In March 2014, the Revolution re-signed Taylor, but not until after week 4. Despite his late start he had the team's 2nd most all-purpose yards (1088), rushing yards (92), receiving yards (585) and return yards (41) while also scoring 11 touchdowns and recording 6 tackles. He also went 7 for 19 passing for 142 yards with 2 touchdowns and 3 interceptions. He earned honorable mention player of the week honors 3 times – once on special teams and twice on offense – in April of that season. That season he set the IFL record for most receiving yards in a game with 213 yards against Colorado. The Team went 3–11 and missed the playoffs.

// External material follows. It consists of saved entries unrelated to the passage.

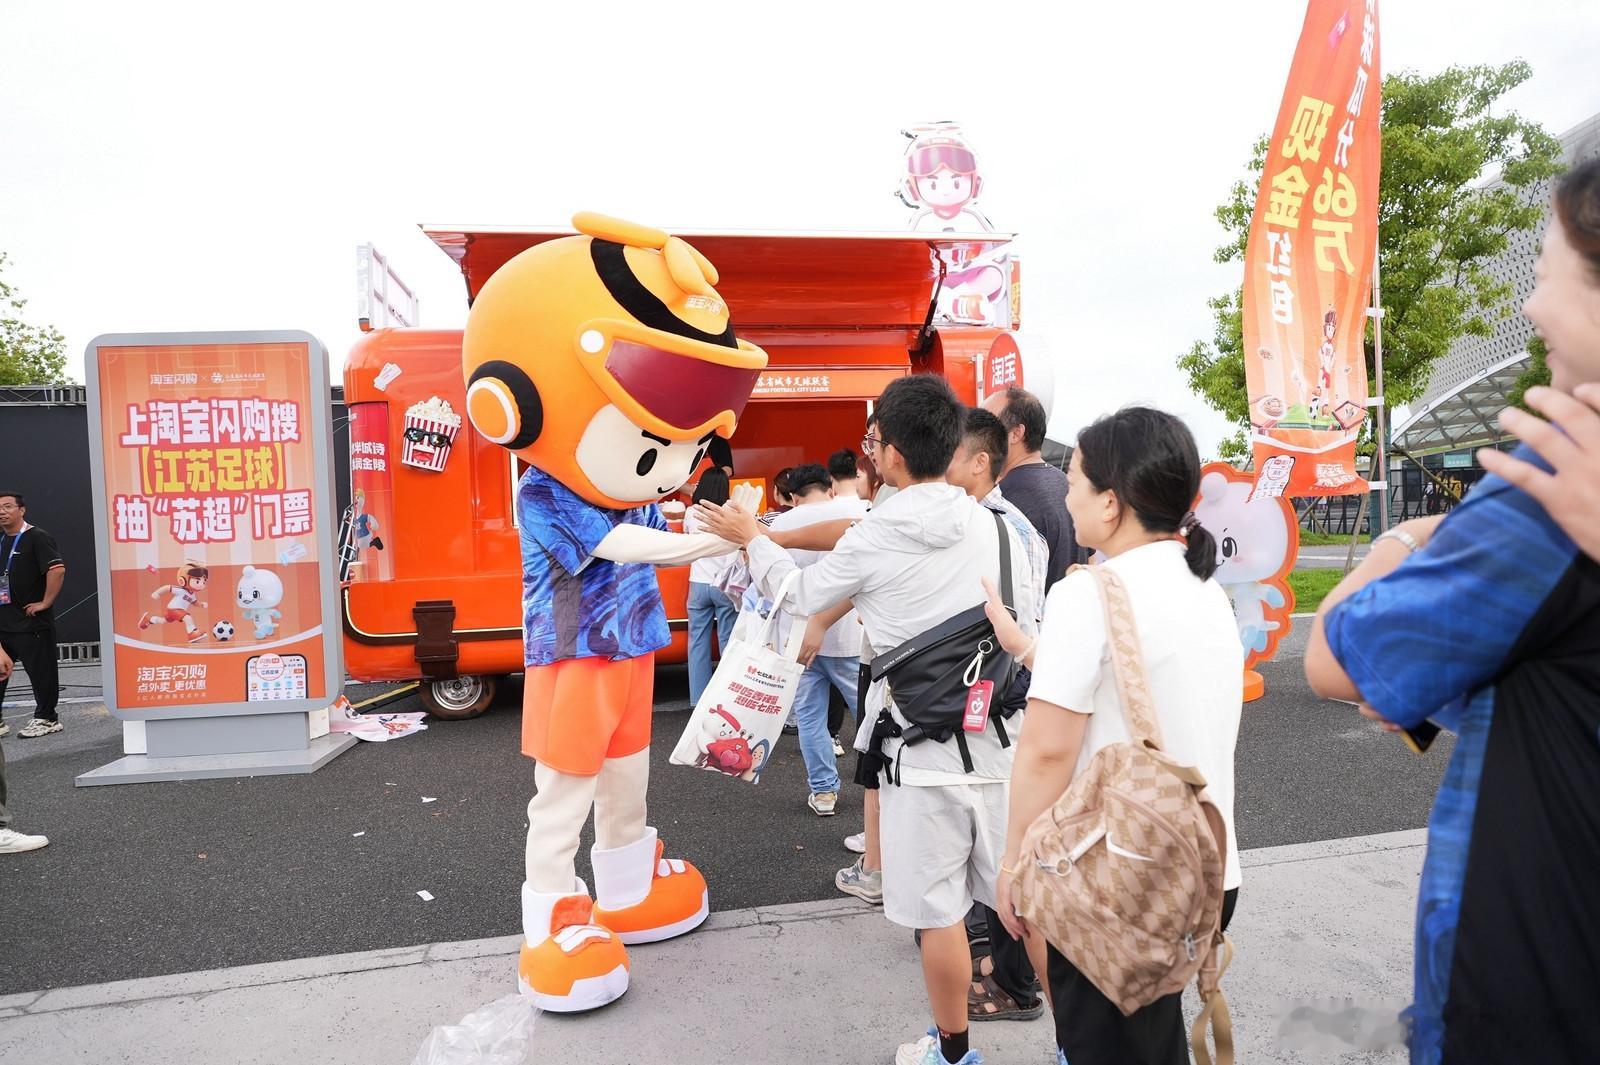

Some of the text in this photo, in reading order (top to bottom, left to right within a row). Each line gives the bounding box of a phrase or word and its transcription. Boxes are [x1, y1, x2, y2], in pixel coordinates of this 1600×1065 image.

[991, 351, 1016, 388] 淘宝
[122, 398, 299, 446] 上淘宝闪购搜
[136, 663, 207, 682] 淘宝闪购
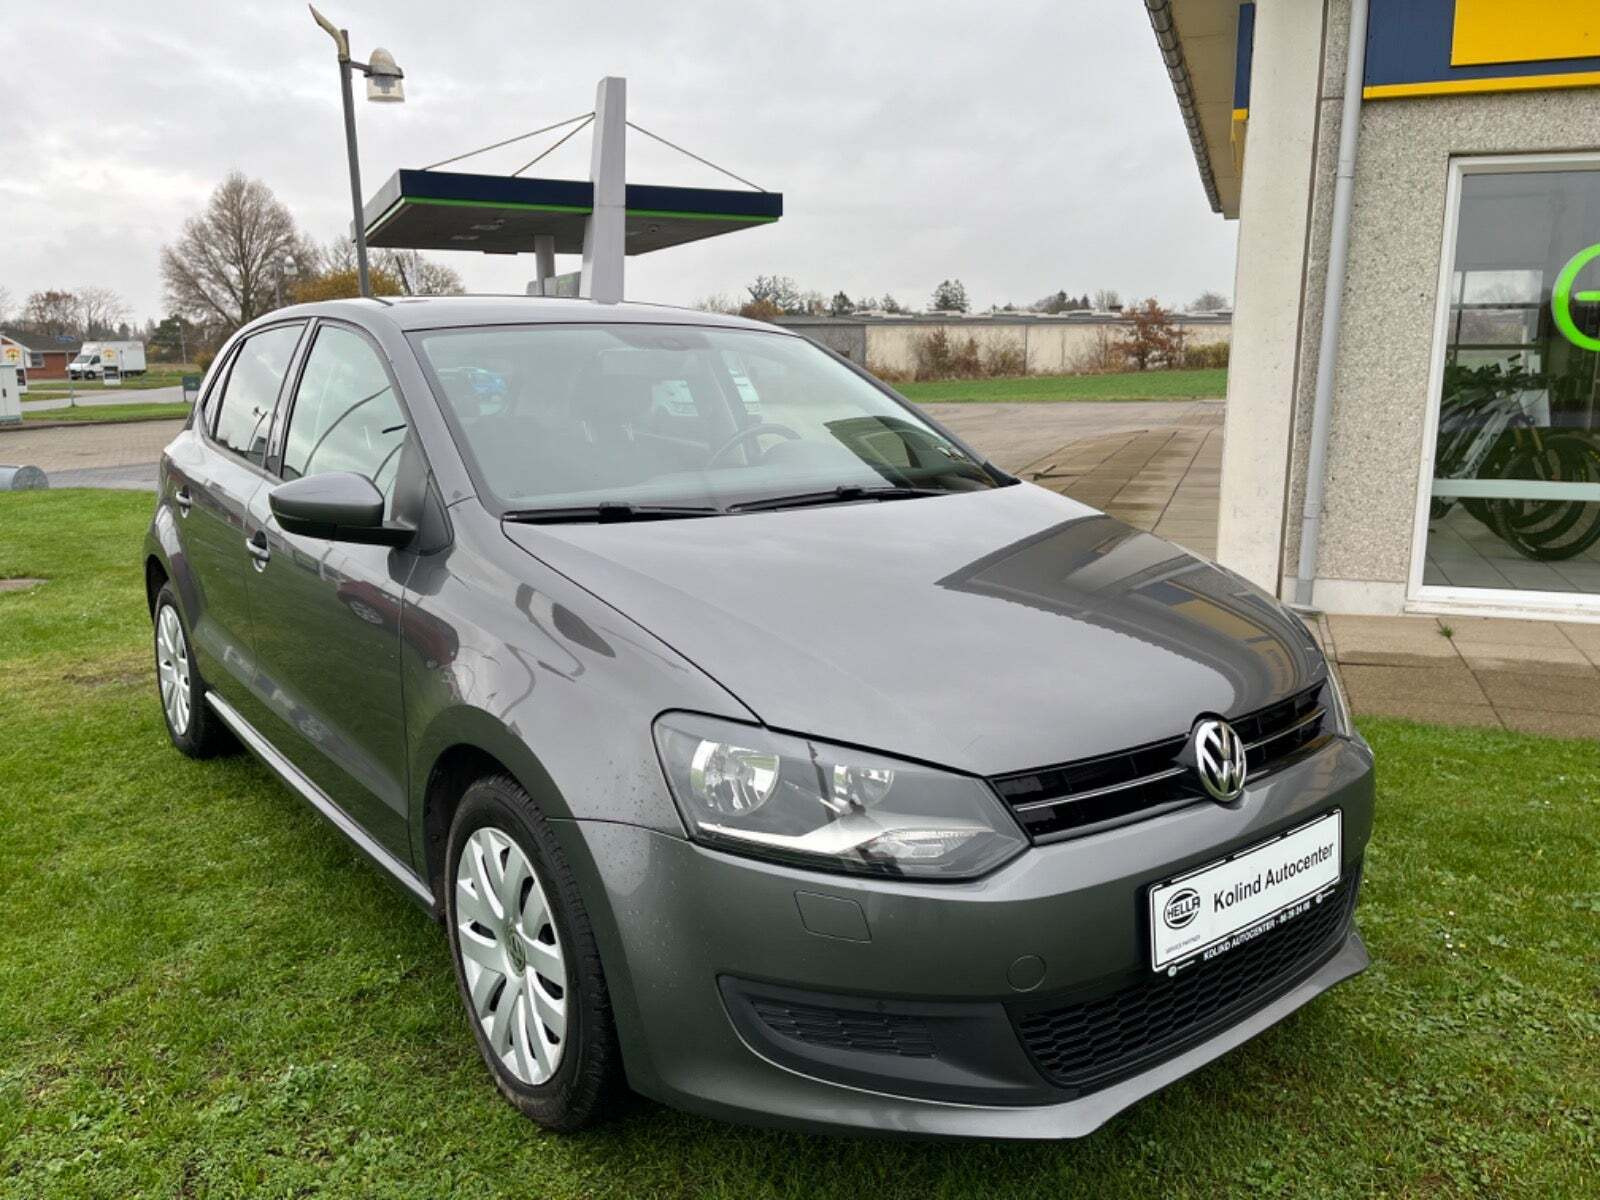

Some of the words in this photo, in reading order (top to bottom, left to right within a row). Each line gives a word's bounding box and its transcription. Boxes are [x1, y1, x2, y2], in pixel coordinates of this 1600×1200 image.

[1213, 873, 1261, 913] Kolind
[1265, 843, 1334, 889] Autocenter
[1167, 896, 1201, 920] HELLA
[1203, 941, 1231, 961] KOLIND

In 2015 he worked out with Robert Griffin III and Adrian Peterson in the hopes of giving the NFL one last shot as a slot receiver, while also returning to Texas to finish his degree and working as a wide receiver's coach at St. Andrew's High School.

===Centex Cavalry===
On March 30, 2017, Taylor was signed by the CenTex Cavalry of Champions Indoor Football, which was about a month into the season. For the Cavalry he continued to return kicks, play defense, catch and run the ball, but he played more quarterback than any of the other offensive positions. He went 22 for 43 for 314 yards passing with 7 touchdowns and 2 interceptions. He also ran for 96 yards and 7 touchdowns on 34 attempts and had 47 yards receiving with 0 touchdowns on 6 receptions. As a kickoff returner he had 648 return yards and 1 touchdown on 32 returns. He even played kicker in one game sending both of his kickoffs out of bounds. The Cavalry went winless that season, did not make the playoffs and was shut down at the end of the season.

==Later life==
After his football career, Taylor moved into coaching.